__TASK DESCRIPTION__:
All lines between the one holding "this 1600×1115 image." and the end of the material below, both ends included, should be restated exactly.

__GIVEN DATA__:

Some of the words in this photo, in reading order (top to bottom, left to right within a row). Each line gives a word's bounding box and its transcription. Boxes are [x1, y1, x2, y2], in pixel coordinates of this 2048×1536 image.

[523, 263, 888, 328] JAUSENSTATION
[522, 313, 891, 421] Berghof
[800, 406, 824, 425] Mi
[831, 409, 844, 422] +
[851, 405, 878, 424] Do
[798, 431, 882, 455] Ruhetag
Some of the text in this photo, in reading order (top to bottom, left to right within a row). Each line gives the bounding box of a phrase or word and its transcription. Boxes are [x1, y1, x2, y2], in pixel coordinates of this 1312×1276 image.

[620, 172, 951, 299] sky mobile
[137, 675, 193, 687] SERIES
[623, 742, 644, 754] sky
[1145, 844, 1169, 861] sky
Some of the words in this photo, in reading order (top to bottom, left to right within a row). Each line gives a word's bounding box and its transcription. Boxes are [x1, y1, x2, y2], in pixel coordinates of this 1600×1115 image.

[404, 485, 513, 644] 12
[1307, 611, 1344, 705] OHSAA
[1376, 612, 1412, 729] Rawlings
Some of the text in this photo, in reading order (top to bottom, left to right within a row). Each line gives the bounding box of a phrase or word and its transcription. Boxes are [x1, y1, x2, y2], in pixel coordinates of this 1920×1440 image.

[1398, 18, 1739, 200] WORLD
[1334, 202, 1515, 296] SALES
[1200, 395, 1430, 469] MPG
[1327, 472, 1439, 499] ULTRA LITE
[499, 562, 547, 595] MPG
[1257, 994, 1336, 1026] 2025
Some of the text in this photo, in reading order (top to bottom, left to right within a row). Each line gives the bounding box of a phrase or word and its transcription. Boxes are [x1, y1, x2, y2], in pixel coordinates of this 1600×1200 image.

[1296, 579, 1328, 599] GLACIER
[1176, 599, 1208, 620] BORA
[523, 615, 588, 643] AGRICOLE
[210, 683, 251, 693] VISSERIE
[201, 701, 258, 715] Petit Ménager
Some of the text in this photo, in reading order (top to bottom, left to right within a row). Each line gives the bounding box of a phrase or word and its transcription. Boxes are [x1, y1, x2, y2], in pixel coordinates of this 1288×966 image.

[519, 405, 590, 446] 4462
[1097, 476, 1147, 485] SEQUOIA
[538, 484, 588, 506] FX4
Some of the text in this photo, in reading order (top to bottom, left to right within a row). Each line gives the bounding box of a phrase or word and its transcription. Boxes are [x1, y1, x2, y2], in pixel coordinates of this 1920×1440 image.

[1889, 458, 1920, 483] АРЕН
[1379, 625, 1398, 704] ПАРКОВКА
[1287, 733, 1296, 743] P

__SOLUTION FOR THIS PROBLEM__:
Some of the words in this photo, in reading order (top to bottom, left to right within a row). Each line gives a word's bounding box and its transcription. Boxes are [x1, y1, x2, y2], in pixel coordinates of this 1600×1115 image.

[404, 485, 513, 644] 12
[1307, 611, 1344, 705] OHSAA
[1376, 612, 1412, 729] Rawlings
Some of the text in this photo, in reading order (top to bottom, left to right within a row). Each line gives the bounding box of a phrase or word and its transcription. Boxes are [x1, y1, x2, y2], in pixel coordinates of this 1920×1440 image.

[1398, 18, 1739, 200] WORLD
[1334, 202, 1515, 296] SALES
[1200, 395, 1430, 469] MPG
[1327, 472, 1439, 499] ULTRA LITE
[499, 562, 547, 595] MPG
[1257, 994, 1336, 1026] 2025
Some of the text in this photo, in reading order (top to bottom, left to right within a row). Each line gives the bounding box of a phrase or word and its transcription. Boxes are [x1, y1, x2, y2], in pixel coordinates of this 1600×1200 image.

[1296, 579, 1328, 599] GLACIER
[1176, 599, 1208, 620] BORA
[523, 615, 588, 643] AGRICOLE
[210, 683, 251, 693] VISSERIE
[201, 701, 258, 715] Petit Ménager
Some of the text in this photo, in reading order (top to bottom, left to right within a row). Each line gives the bounding box of a phrase or word and its transcription. Boxes are [x1, y1, x2, y2], in pixel coordinates of this 1288×966 image.

[519, 405, 590, 446] 4462
[1097, 476, 1147, 485] SEQUOIA
[538, 484, 588, 506] FX4
Some of the text in this photo, in reading order (top to bottom, left to right within a row). Each line gives the bounding box of a phrase or word and its transcription. Boxes are [x1, y1, x2, y2], in pixel coordinates of this 1920×1440 image.

[1889, 458, 1920, 483] АРЕН
[1379, 625, 1398, 704] ПАРКОВКА
[1287, 733, 1296, 743] P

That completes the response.